→ Task details:
Only the lines running from the one with "this 1360×1148 image." to the end of the listing should be returned, each exactly as it appears, with both ends kept.

--- START ---

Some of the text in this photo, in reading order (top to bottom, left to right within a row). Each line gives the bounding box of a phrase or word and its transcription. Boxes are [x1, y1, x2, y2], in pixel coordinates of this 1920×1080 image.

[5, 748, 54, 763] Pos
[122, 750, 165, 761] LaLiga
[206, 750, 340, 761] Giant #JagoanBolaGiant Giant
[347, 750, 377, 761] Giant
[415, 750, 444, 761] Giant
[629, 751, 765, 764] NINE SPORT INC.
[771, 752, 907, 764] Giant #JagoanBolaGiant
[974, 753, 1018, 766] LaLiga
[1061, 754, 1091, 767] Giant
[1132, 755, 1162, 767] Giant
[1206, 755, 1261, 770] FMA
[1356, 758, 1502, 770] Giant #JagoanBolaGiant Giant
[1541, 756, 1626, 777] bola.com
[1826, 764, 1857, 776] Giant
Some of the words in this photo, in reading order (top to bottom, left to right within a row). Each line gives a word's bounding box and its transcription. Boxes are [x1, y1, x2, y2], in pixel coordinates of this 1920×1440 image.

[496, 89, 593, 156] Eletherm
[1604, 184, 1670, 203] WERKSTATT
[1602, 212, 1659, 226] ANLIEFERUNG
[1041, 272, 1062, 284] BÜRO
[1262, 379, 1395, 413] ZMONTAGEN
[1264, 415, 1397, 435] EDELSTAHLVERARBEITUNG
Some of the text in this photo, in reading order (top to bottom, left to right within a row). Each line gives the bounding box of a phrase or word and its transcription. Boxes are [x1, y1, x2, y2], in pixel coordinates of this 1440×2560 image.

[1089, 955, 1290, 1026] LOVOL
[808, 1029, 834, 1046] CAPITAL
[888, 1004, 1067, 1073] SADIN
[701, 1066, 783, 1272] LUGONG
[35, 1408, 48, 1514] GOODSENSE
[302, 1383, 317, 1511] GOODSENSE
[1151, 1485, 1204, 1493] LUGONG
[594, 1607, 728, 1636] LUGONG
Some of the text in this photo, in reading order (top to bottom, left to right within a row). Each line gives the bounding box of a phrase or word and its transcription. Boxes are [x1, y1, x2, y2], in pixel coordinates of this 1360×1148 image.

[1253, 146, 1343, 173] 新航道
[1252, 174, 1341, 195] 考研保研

--- END ---

→ Answer to this task:
Some of the text in this photo, in reading order (top to bottom, left to right within a row). Each line gives the bounding box of a phrase or word and its transcription. Boxes are [x1, y1, x2, y2], in pixel coordinates of this 1360×1148 image.

[1253, 146, 1343, 173] 新航道
[1252, 174, 1341, 195] 考研保研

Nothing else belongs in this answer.